Migrationspolitik

Riskanter Schritt: London will Gesetze verschärfen

Einst galt Großbritannien als Vorreiter im Kampf für die Menschenrechte. Jetzt plant die konservative Regierung ein Gesetz, mit dem Geflüchtete, die mit kleinen Booten über den Ärmelkanal auf die Insel kommen, schnellstens abgeschoben werden sollen.


Geht es nach Premierminister Rishi Sunak sollen alle Menschen, die auf kleinen Booten über den Ärmelkanal das britische Ufer erreichen, umgehend interniert und bald darauf nach Ruanda abgeschoben werden.

Geht es nach Premierminister Rishi Sunak sollen alle Menschen, die auf kleinen Booten über den Ärmelkanal das britische Ufer erreichen, umgehend interniert und bald darauf nach Ruanda abgeschoben werden.

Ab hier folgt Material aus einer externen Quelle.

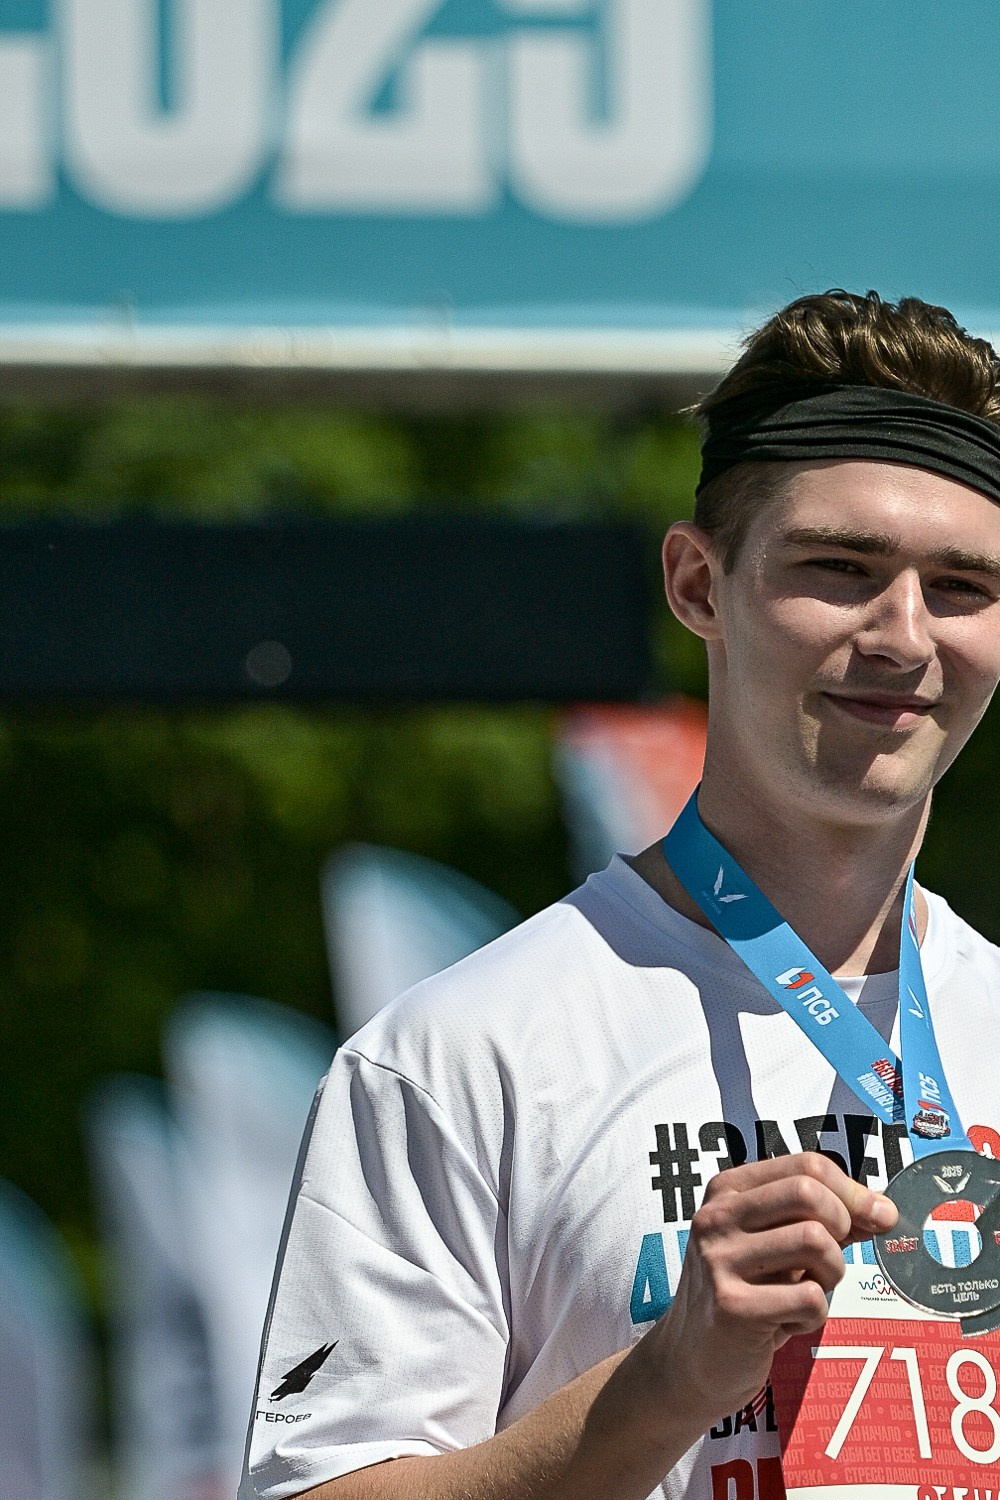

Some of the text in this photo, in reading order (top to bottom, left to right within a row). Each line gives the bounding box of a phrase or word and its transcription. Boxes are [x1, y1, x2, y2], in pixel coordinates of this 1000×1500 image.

[798, 986, 839, 1027] ПСБ
[918, 1071, 943, 1106] ПСБ
[931, 1279, 999, 1296] ЕСТЬ ТОЛЬКО
[952, 1291, 980, 1304] ЦЕЛЬ
[861, 1425, 902, 1442] НАЧАЛО
[863, 1446, 881, 1462] БЕГ
[891, 1446, 918, 1464] СЕБЕ
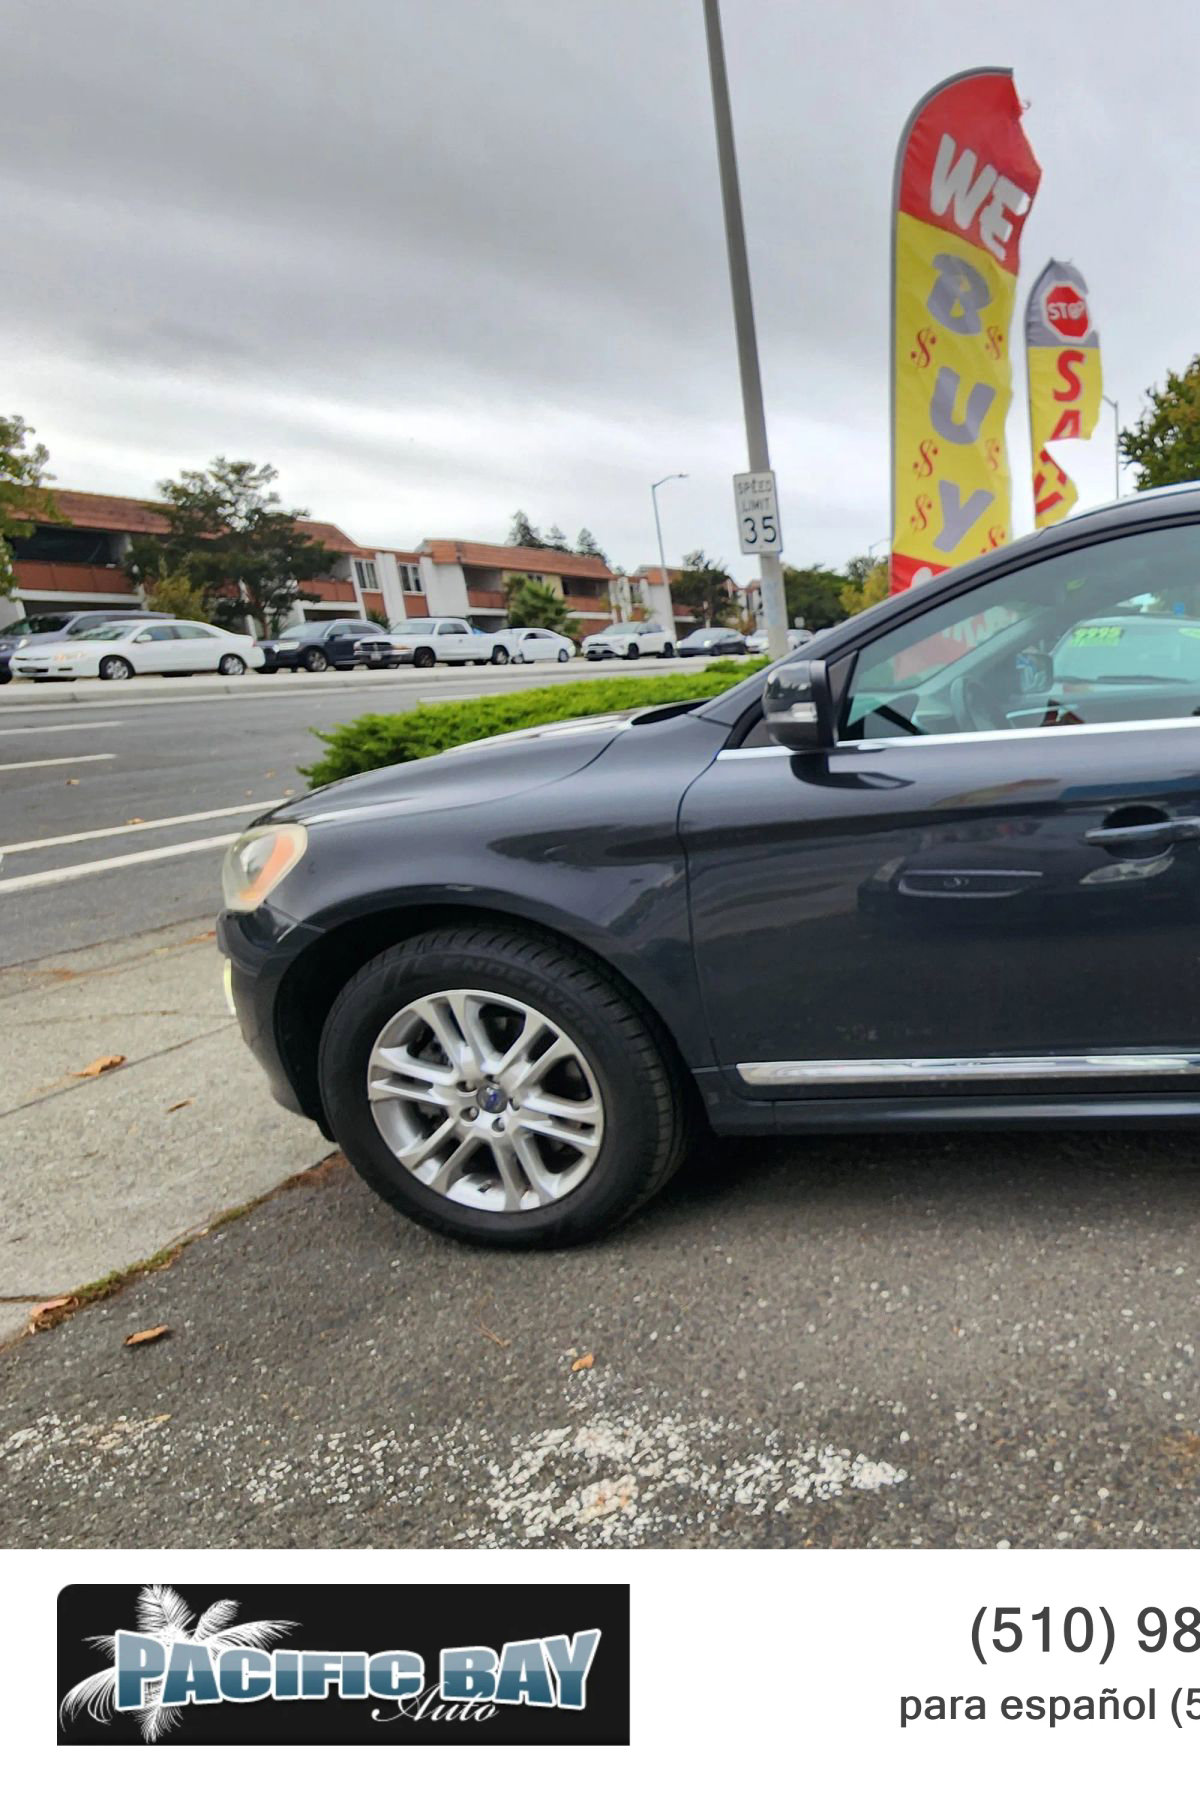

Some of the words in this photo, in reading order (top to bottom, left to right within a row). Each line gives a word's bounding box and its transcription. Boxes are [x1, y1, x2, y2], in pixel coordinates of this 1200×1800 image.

[930, 133, 1030, 262] WE
[926, 252, 997, 554] BUY
[743, 515, 777, 544] 35
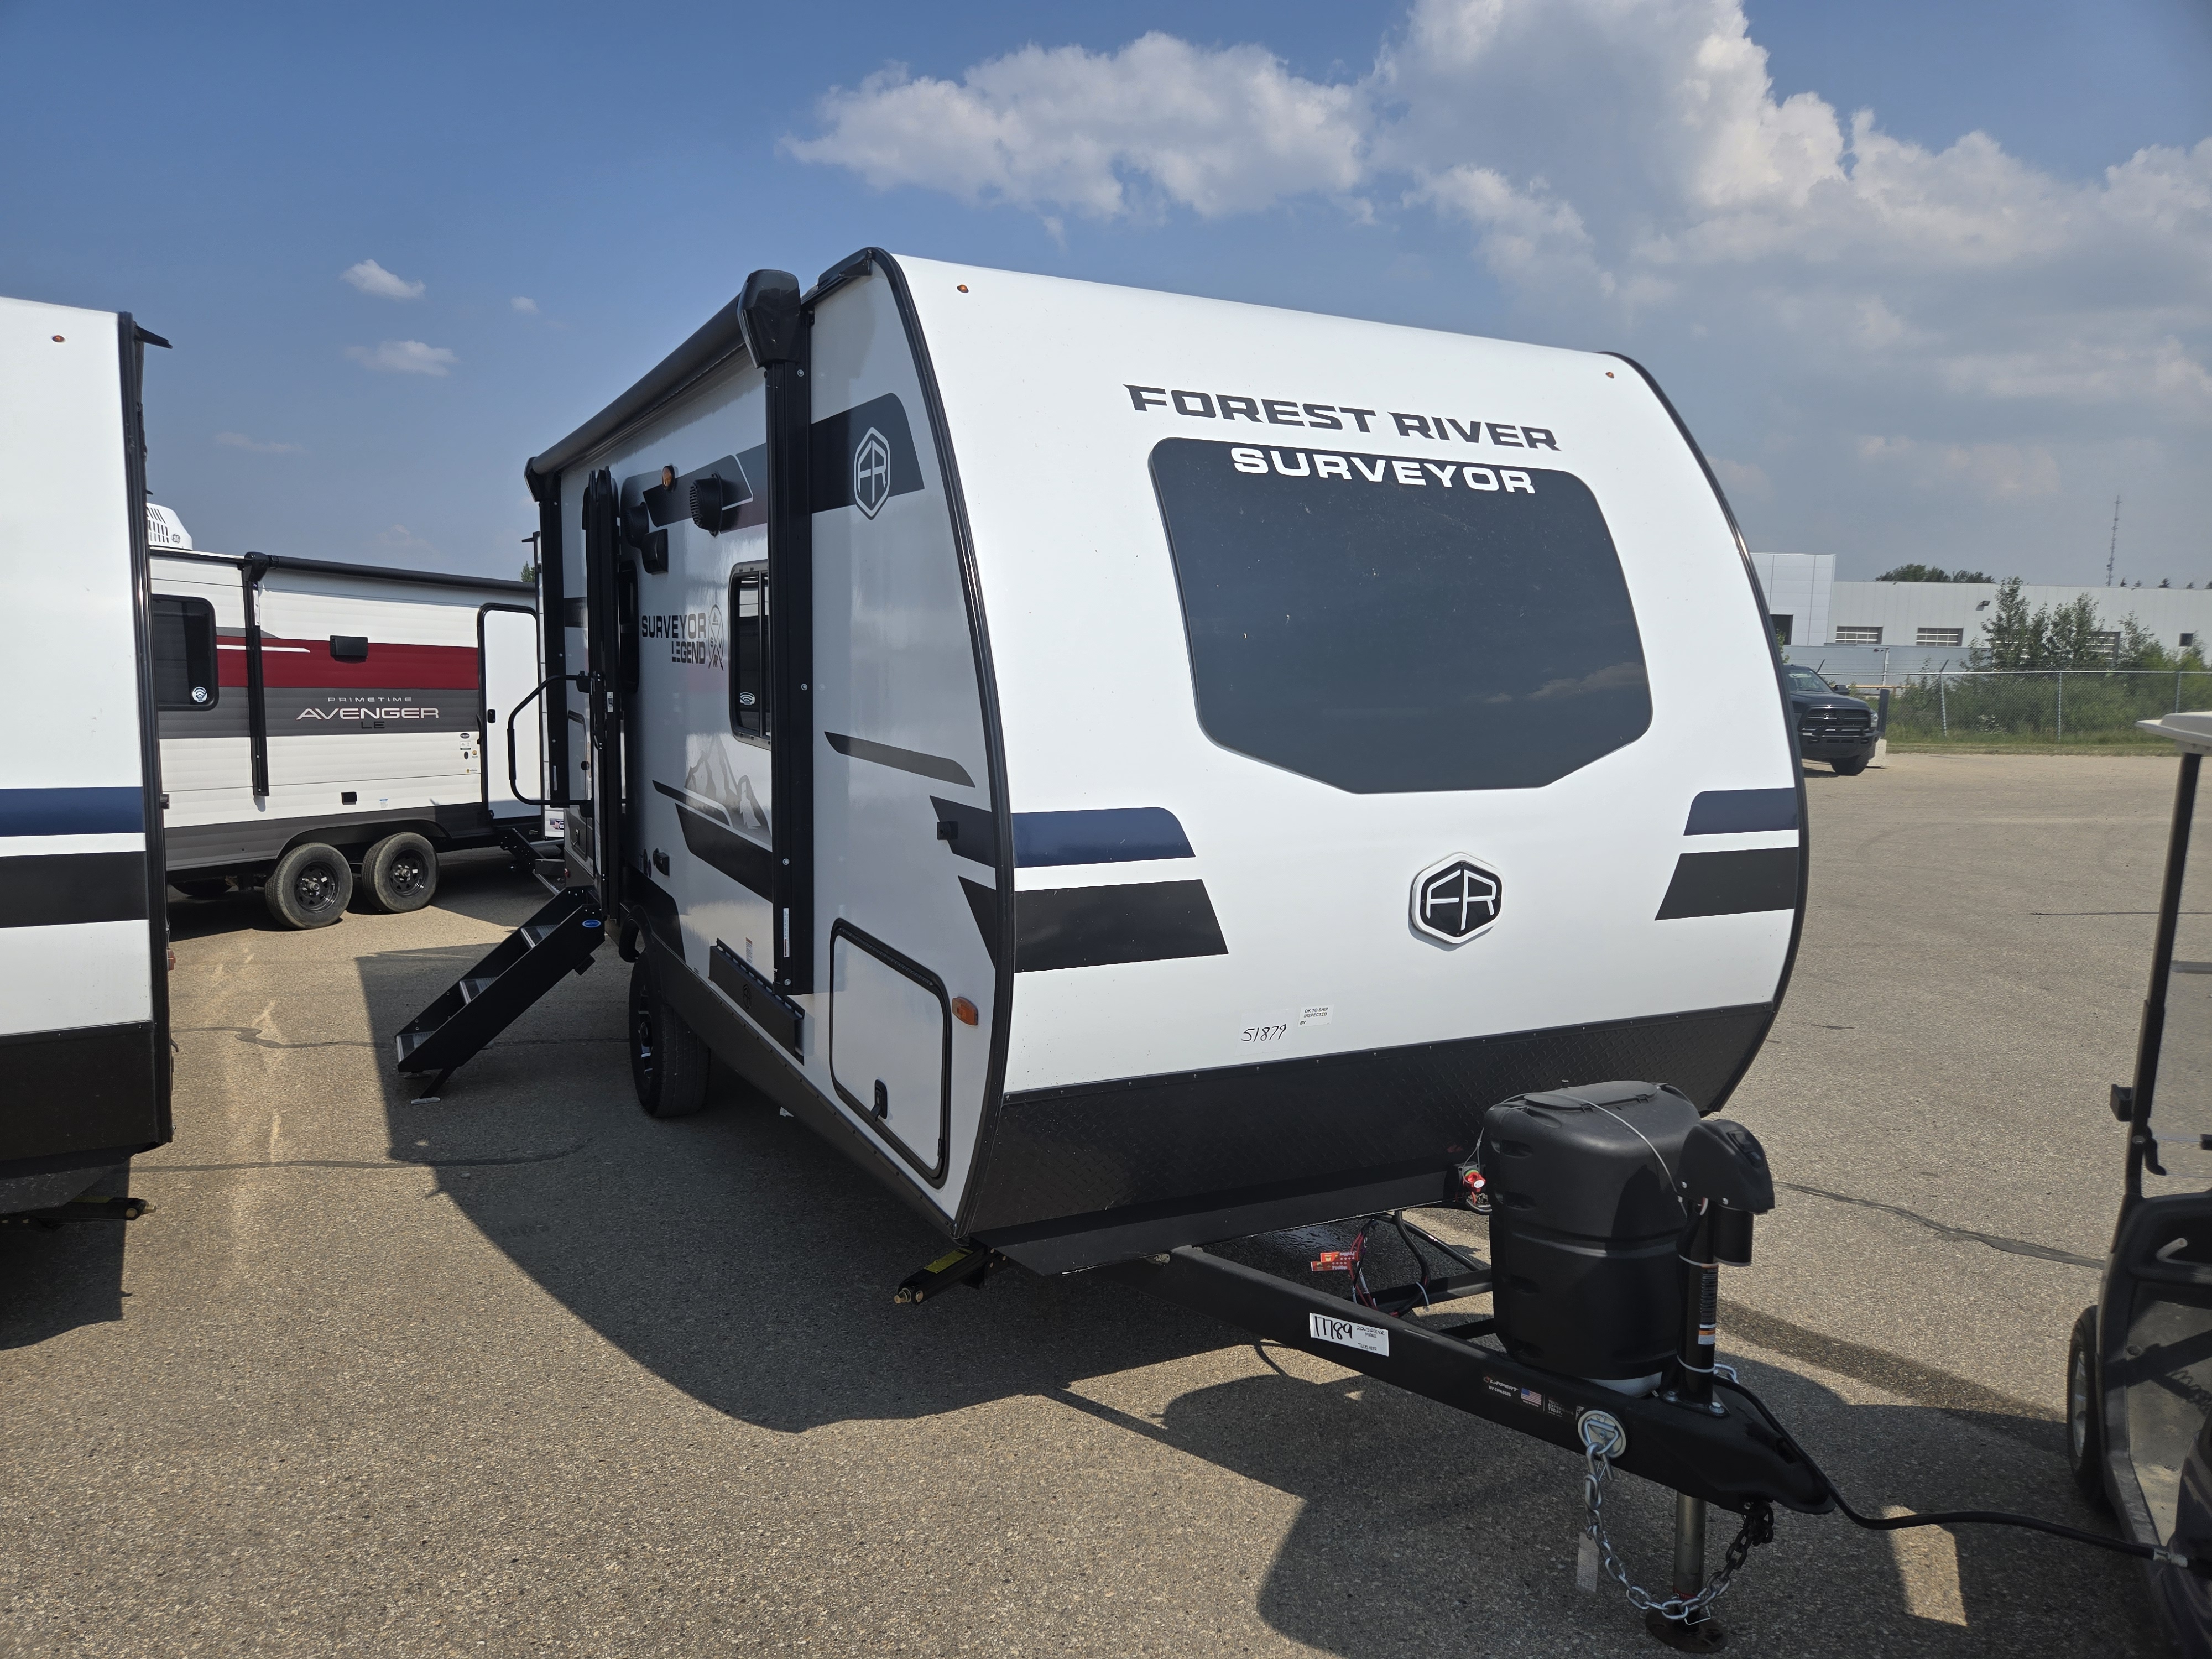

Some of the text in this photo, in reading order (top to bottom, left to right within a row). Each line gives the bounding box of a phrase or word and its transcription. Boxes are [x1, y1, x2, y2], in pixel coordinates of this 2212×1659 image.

[1123, 384, 1562, 451] FOREST RIVER
[1233, 447, 1536, 494] SURVEYOR
[641, 612, 707, 639] SURVEYOR
[671, 641, 706, 664] LEGEND
[296, 707, 439, 720] AVENGER
[1240, 1024, 1287, 1043] 51879
[1314, 1316, 1353, 1340] 17789
[1494, 1387, 1511, 1397] CHASSIS

Einst wehte in Großbritannien ein anderer Wind. In den 1990er-Jahren wurden Menschenrechte im Vereinigten Königreich als wesentlich angesehen und so beschloss die Labour-Regierung unter Tony Blair vor fast genau 25 Jahren den "Human Rights Act 1998". Seither gelten universelle Rechtsansprüche, die in der Europäischen Menschenrechtskonvention festgehalten wurden, ausdrücklich auch in Großbritannien. Es war der frühere konservative Premierminister Winston Churchill, der sich für die Konvention eingesetzt hatte, als Lehre aus dem Zweiten Weltkrieg.